- Your assignment: Please return each entry exactly as it appears, but not the pictures.

- Saved data entries:
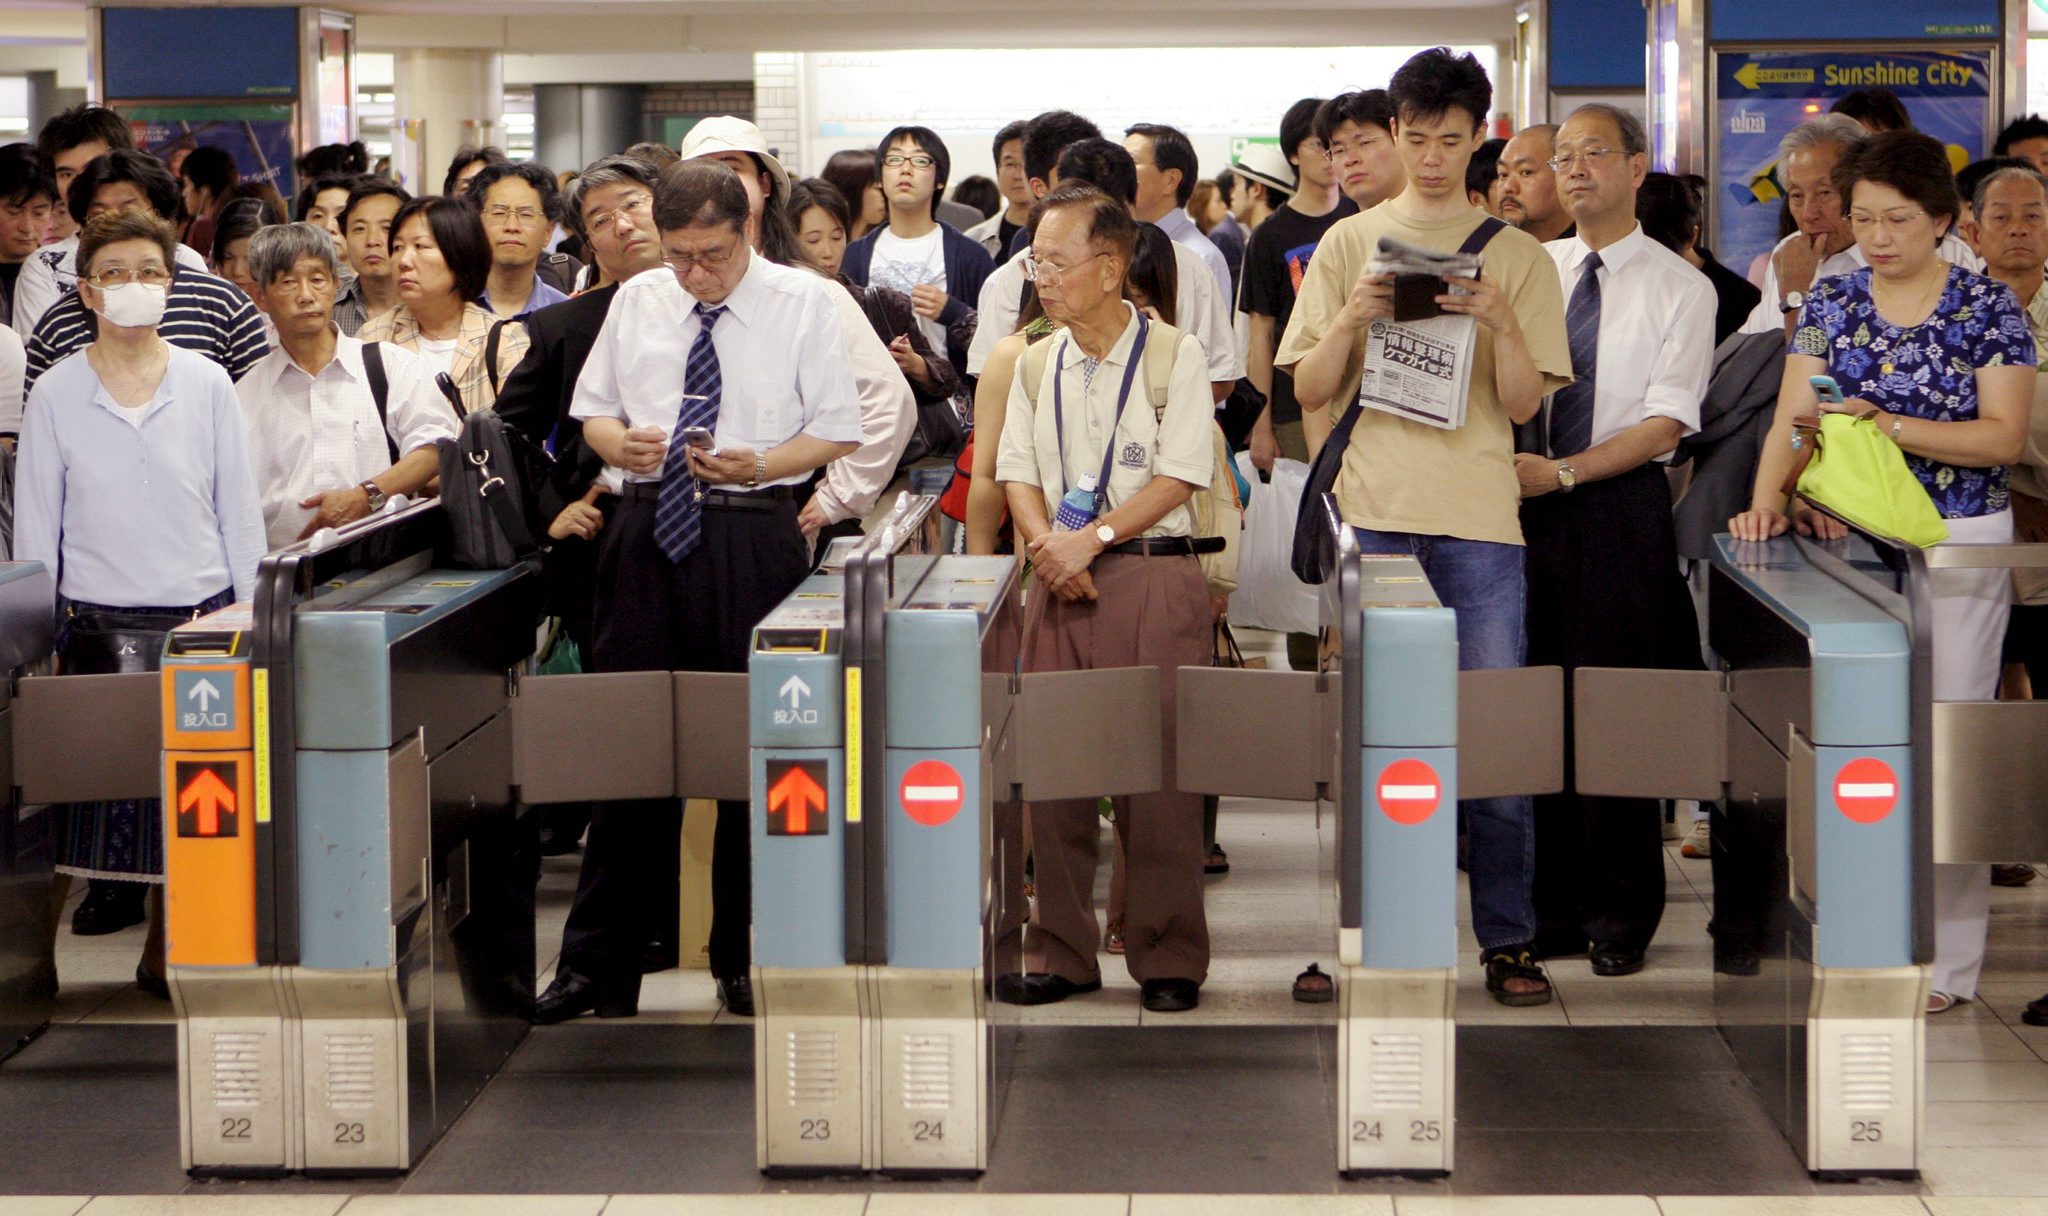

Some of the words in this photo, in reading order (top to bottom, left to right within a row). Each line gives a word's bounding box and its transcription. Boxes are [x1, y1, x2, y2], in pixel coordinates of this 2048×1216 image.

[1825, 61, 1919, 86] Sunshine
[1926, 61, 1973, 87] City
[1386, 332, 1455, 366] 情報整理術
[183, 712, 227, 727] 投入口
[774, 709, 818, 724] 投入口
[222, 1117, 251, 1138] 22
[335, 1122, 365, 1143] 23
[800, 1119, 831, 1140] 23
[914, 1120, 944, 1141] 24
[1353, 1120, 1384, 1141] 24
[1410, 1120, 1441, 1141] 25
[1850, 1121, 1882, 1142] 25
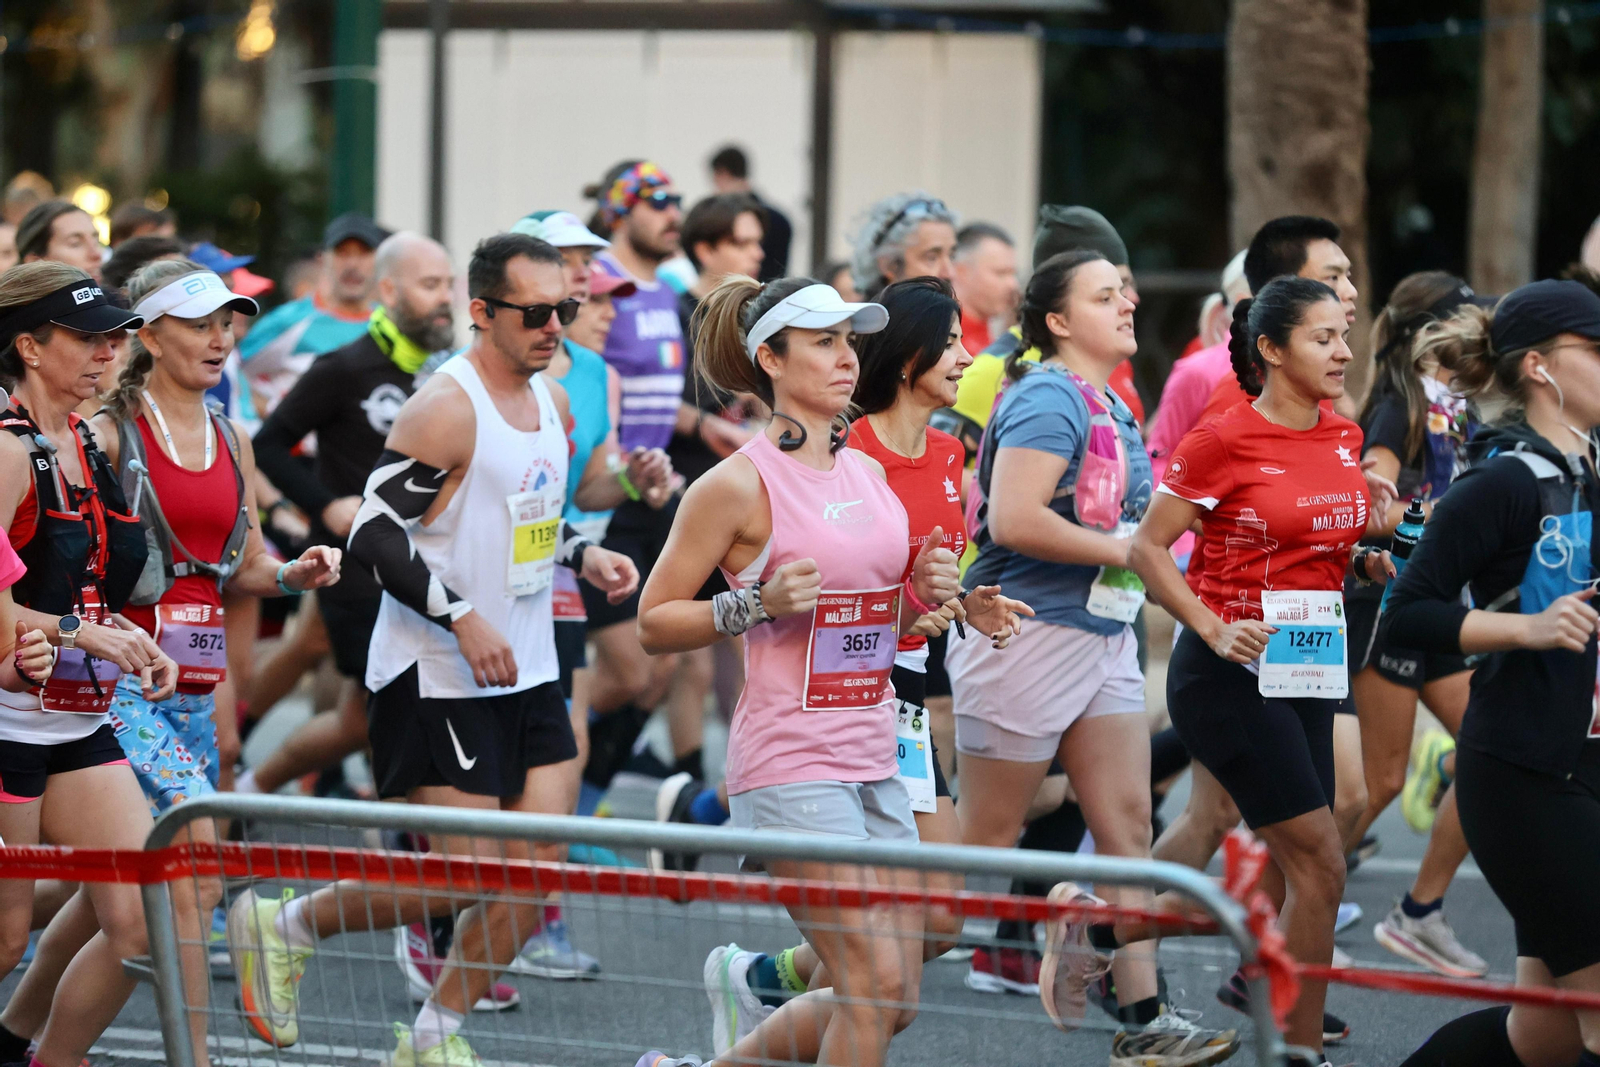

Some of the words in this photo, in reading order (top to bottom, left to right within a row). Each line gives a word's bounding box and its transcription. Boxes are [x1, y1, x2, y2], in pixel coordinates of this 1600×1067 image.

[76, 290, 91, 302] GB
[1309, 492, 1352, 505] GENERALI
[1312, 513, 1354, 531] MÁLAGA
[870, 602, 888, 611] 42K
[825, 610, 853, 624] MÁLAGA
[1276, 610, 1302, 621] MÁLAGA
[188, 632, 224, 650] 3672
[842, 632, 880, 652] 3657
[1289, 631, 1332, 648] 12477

- Solved problem:
Some of the words in this photo, in reading order (top to bottom, left to right within a row). Each line gives a word's bounding box and its transcription. Boxes are [x1, y1, x2, y2], in pixel coordinates of this 2048×1216 image.

[1825, 61, 1919, 86] Sunshine
[1926, 61, 1973, 87] City
[1386, 332, 1455, 366] 情報整理術
[183, 712, 227, 727] 投入口
[774, 709, 818, 724] 投入口
[222, 1117, 251, 1138] 22
[335, 1122, 365, 1143] 23
[800, 1119, 831, 1140] 23
[914, 1120, 944, 1141] 24
[1353, 1120, 1384, 1141] 24
[1410, 1120, 1441, 1141] 25
[1850, 1121, 1882, 1142] 25

Some of the words in this photo, in reading order (top to bottom, left to right within a row). Each line gives a word's bounding box and its transcription. Boxes are [x1, y1, x2, y2], in pixel coordinates of this 1600×1067 image.

[76, 290, 91, 302] GB
[1309, 492, 1352, 505] GENERALI
[1312, 513, 1354, 531] MÁLAGA
[870, 602, 888, 611] 42K
[825, 610, 853, 624] MÁLAGA
[1276, 610, 1302, 621] MÁLAGA
[188, 632, 224, 650] 3672
[842, 632, 880, 652] 3657
[1289, 631, 1332, 648] 12477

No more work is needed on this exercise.